The main problem now, as far as I can see is this:

```
$ sudo /etc/init.d/net.wlan0 --verbose start

 * Starting wlan0

 *   Loading networking modules for wlan0

 *     modules: apipa arping ccwgroup macchanger macnet rename iwconfig essidnet iptunnel ifconfig pppd system dhclient ip6to4

 *       iwconfig provides wireless

 *       ifconfig provides interface

 *       pppd provides ppp

 *       dhclient provides dhcp

SIOCSIFFLAGS: Cannot assign requested address

SIOCSIFFLAGS: Cannot assign requested address

 *   Configuring wlan0 for MAC address 01:0A:00:00:00:00 ...  [ ok ]

SIOCSIFFLAGS: Cannot assign requested address

 *   Configuring wireless network for wlan0

 *   Connecting to "lgh3" in managed mode (WEP disabled) ...  [ !! ]

 *   Failed to configure wireless for wlan0  [ !! ]
```

To me, it's strange that WEP is disabled.
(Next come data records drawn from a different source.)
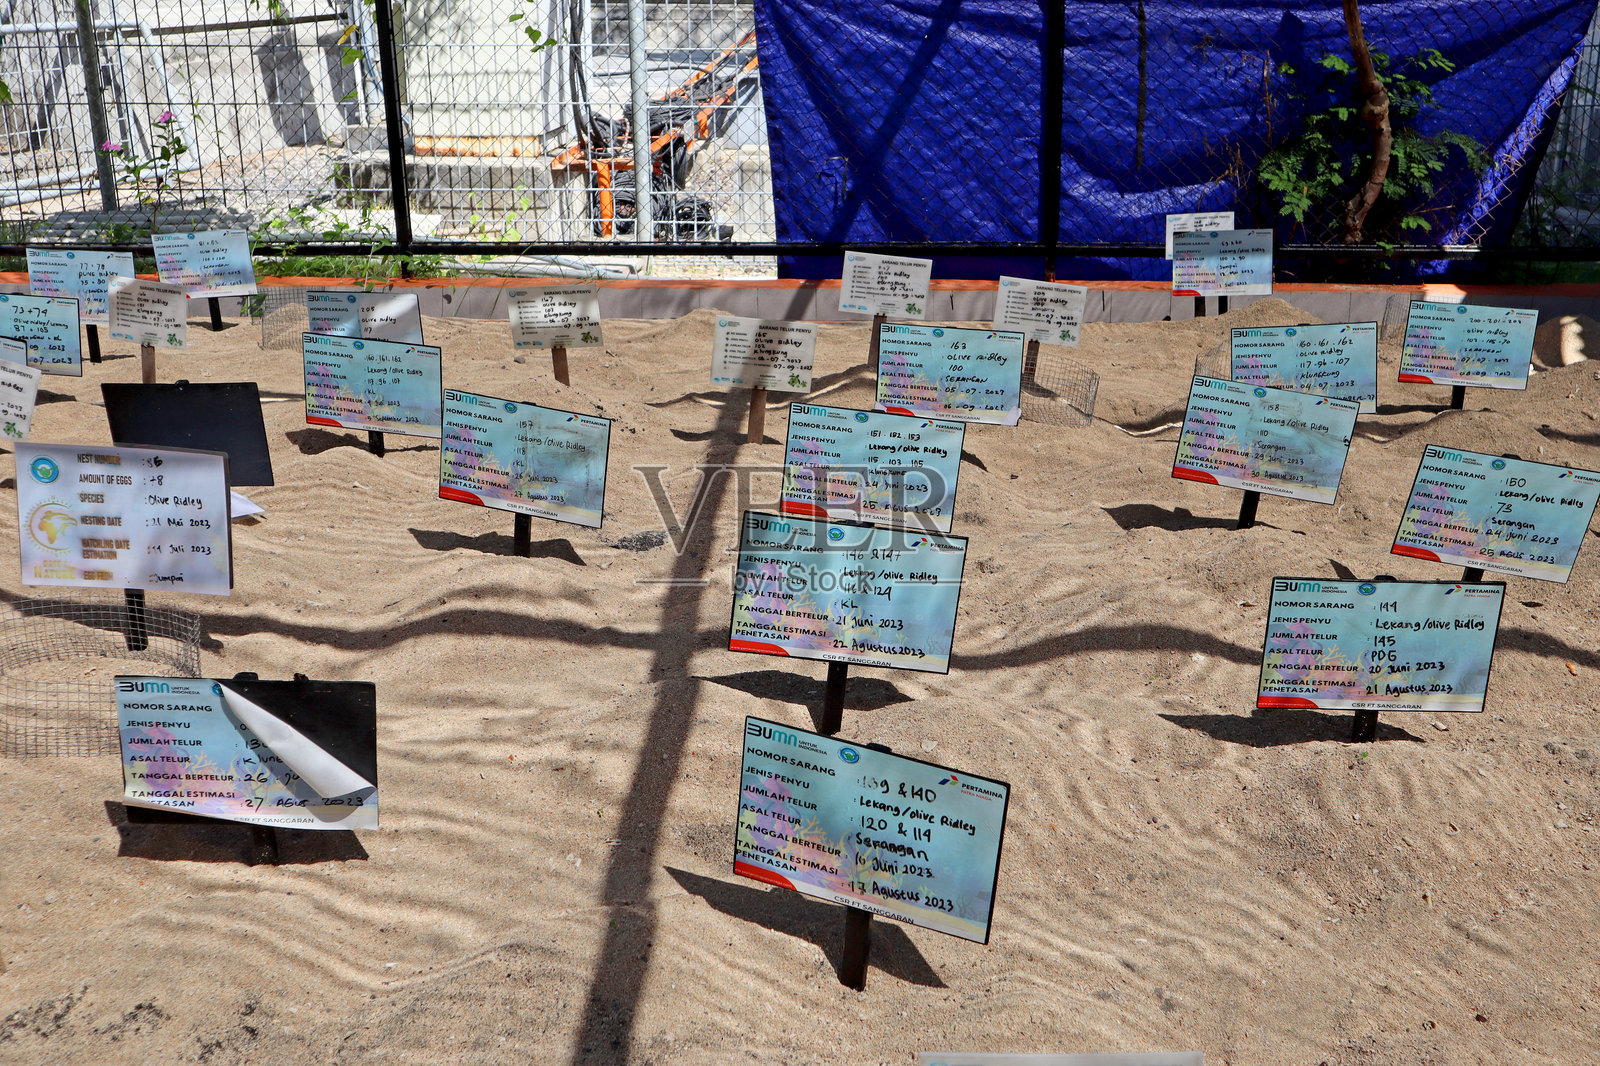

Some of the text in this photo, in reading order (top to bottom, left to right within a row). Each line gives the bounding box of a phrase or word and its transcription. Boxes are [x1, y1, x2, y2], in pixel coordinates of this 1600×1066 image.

[950, 342, 967, 350] 163
[446, 408, 503, 423] NOMOR SARANG
[519, 420, 534, 429] 157
[923, 446, 948, 458] Ridley
[77, 454, 93, 463] NEST
[1423, 465, 1486, 480] NOMOR SARANG
[79, 475, 133, 485] AMOUNT OF EGGS
[1505, 477, 1527, 488] 150
[79, 494, 105, 503] SPECIES
[174, 496, 203, 509] Ridley
[80, 516, 122, 526] NESTING DATE
[167, 518, 211, 529] Mei 2023
[115, 540, 130, 549] DATE
[191, 546, 211, 555] 2023
[746, 538, 824, 554] NOMOR SARANG
[82, 550, 117, 560] ESTIMATION
[909, 572, 938, 585] Ridley
[1274, 600, 1355, 610] NOMOR SARANG
[738, 604, 829, 622] TANGGAL BERTELUR
[736, 620, 827, 637] TANGGAL ESTIMASI
[835, 615, 904, 631] 21 Juni 2023
[1454, 619, 1485, 631] Ridley
[735, 629, 790, 641] PENETASAN
[1270, 632, 1311, 640] JUMLAH
[833, 638, 926, 658] 22 Agustus 2023
[1266, 663, 1358, 672] TANGGAL BERTELUR
[1369, 662, 1445, 674] 20 Juni 2023
[1264, 678, 1312, 687] TANGGAL
[1262, 686, 1319, 694] PENETASAN
[1366, 686, 1378, 695] 21
[1430, 684, 1453, 694] 2023
[123, 703, 213, 712] NOMOR SARANG
[155, 721, 191, 729] PENYU
[747, 747, 836, 776] NOMOR SARANG
[131, 773, 234, 782] TANGGAL BERTELUR
[243, 773, 268, 783] 26
[745, 766, 810, 789] JENIS PENYU
[961, 783, 1003, 799] PERTAMINA
[743, 784, 818, 811] JUMLAH TELUR
[244, 798, 263, 812] 27
[741, 803, 802, 825] ASAL TELUR
[861, 816, 888, 831] 120
[940, 811, 977, 836] Ridley
[739, 821, 841, 857] TANGGAL BERTELUR
[735, 850, 797, 873] PENETASAN
[737, 839, 839, 876] TANGGAL ESTIMASI
[872, 856, 899, 876] Juni
[902, 864, 935, 878] 2023
[872, 881, 920, 901] Agustus
[924, 897, 954, 912] 2023
[833, 895, 851, 906] CSR
[862, 903, 915, 925] SANGGARAN
Here is /etc/conf.d/net, in which you can see that WEP is configured. This is the same configuration as when I used this card the last time:

```
essid_wlan0="lgh3"

key_lgh3="[1] XXXXXXXXXX key [1] enc open"

config_wlan0="192.168.1.90 netmask 255.255.255.0 brd 192.168.1.255"

routes_wlan="default via 192.168.1.1"

modules_wlan0=("iwconfig")
```

(Also, should I care about those SIOCSIFFLAGS warnings?)

----------

## g.e.n.t.u.x.

hey gentooser.

maybe you try wpa_supplicant and wicd as good gui choice. in /etc/conf/net.example you find what prefix u must use to tell if your key is asci or hex. as i remember it is "s:ascikeyofyourchoice"

greetz

----------

## Arla

Tried wpa_supplicant:

/etc/conf.d/net:

essid_wlan0="lgh3"

config_wlan0="dhcp"

modules_wlan0="wpa_supplicant"

wpa_supplicant_wlan0="-Dwext"

key_lgh3="[1] XXXXXXXXXX key [2] enc open"

arla@ezekiel ~ $ cat /etc/wpa_supplicant/wpa_supplicant.conf

ctrl_interface=/var/run/wpa_supplicant

network={

    ssid="lgh3"

    key_mgmt=NONE

    wep_key0=XXXXXXXXXX

}

arla@ezekiel ~ $ sudo /etc/init.d/net.wlan0 --verbose start

 * Starting wlan0

 *   Loading networking modules for wlan0

 *     modules: apipa arping ccwgroup macchanger macnet rename wpa_supplicant essidnet iptunnel ifconfig pppd system dhclient ip6to4

 *       wpa_supplicant provides wireless

 *       ifconfig provides interface

 *       pppd provides ppp

 *       dhclient provides dhcp

SIOCSIFFLAGS: Cannot assign requested address

SIOCSIFFLAGS: Cannot assign requested address

 *   Configuring wlan0 for MAC address 01:0A:00:00:00:00 ...  [ ok ]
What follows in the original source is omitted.